**PROBLEM DETAILS**: An exact transcription of all the data is required, with every image removed.

=======

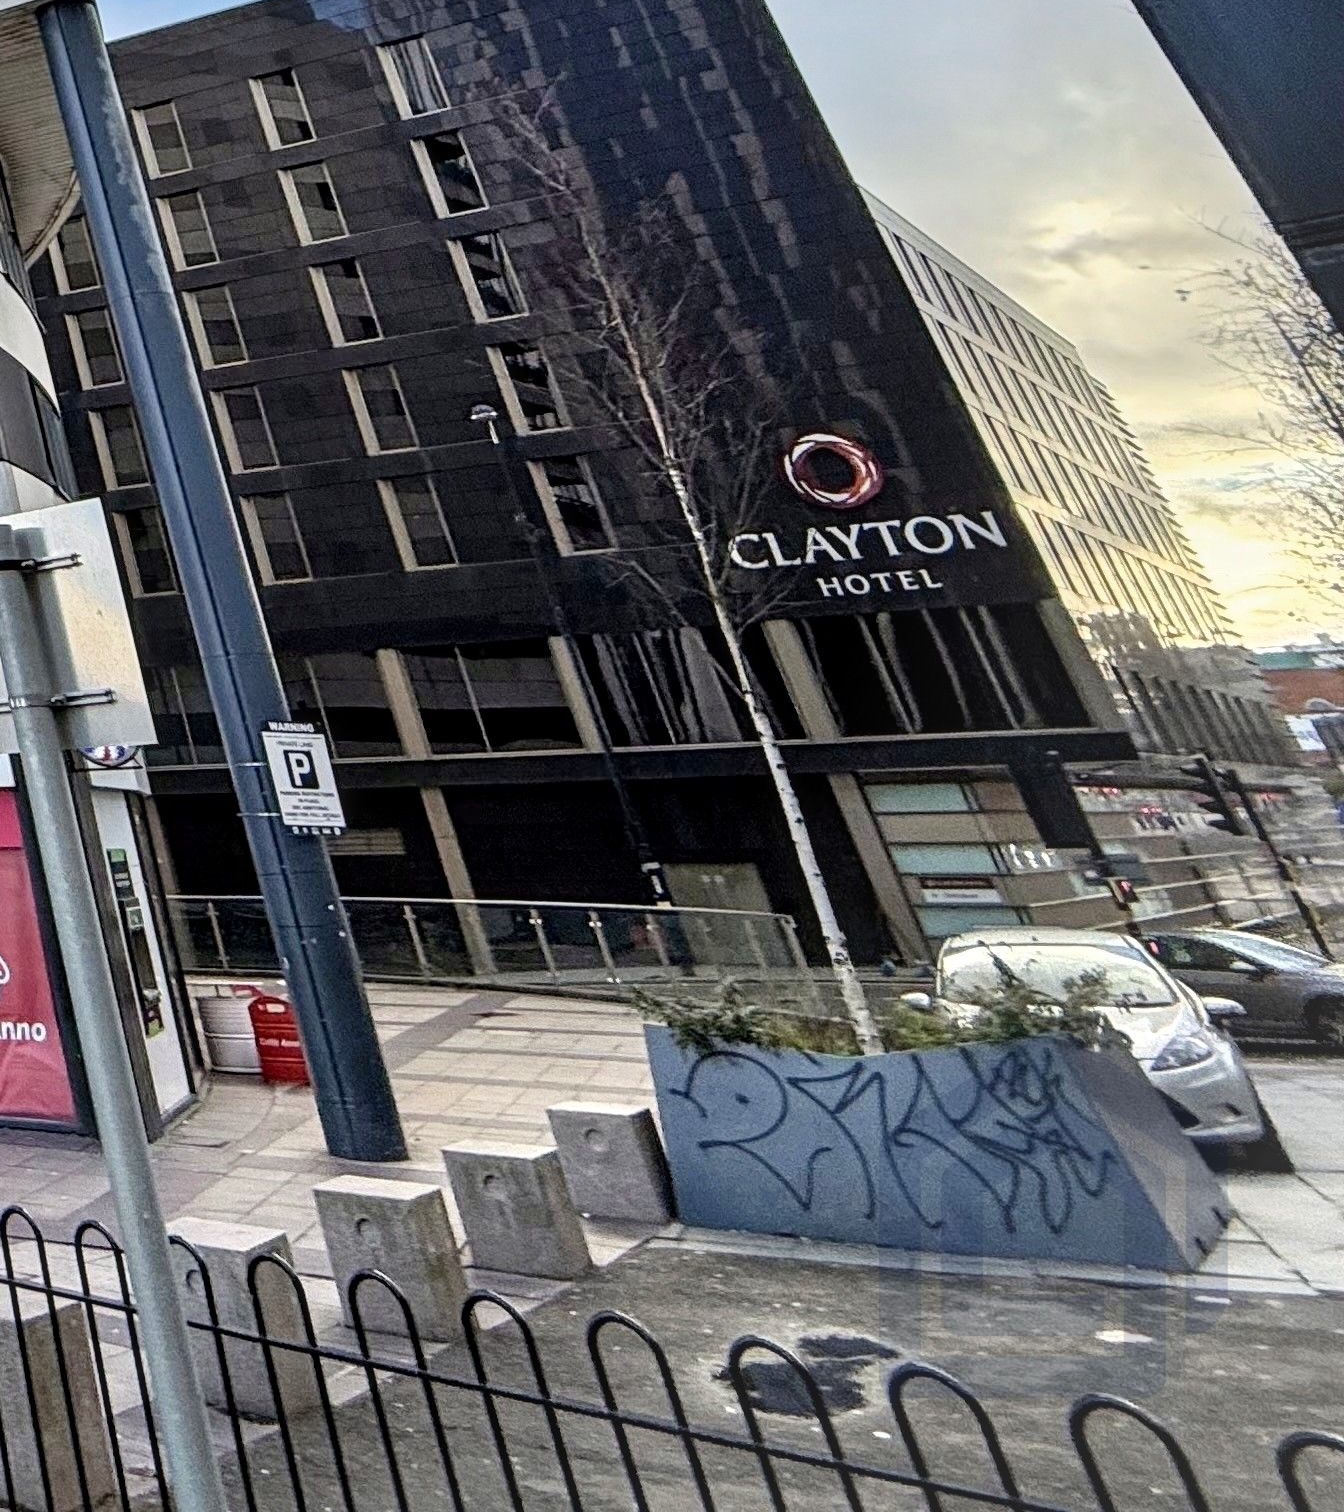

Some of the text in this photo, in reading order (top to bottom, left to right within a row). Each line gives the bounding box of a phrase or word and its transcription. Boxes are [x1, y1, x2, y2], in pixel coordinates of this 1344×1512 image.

[728, 510, 1008, 570] CLAYTON
[816, 568, 944, 598] HOTEL
[268, 721, 315, 733] WARNING
[288, 753, 311, 787] P

=======

**SOLUTION TO THE PROBLEM**:
Some of the text in this photo, in reading order (top to bottom, left to right within a row). Each line gives the bounding box of a phrase or word and its transcription. Boxes are [x1, y1, x2, y2], in pixel coordinates of this 1344×1512 image.

[728, 510, 1008, 570] CLAYTON
[816, 568, 944, 598] HOTEL
[268, 721, 315, 733] WARNING
[288, 753, 311, 787] P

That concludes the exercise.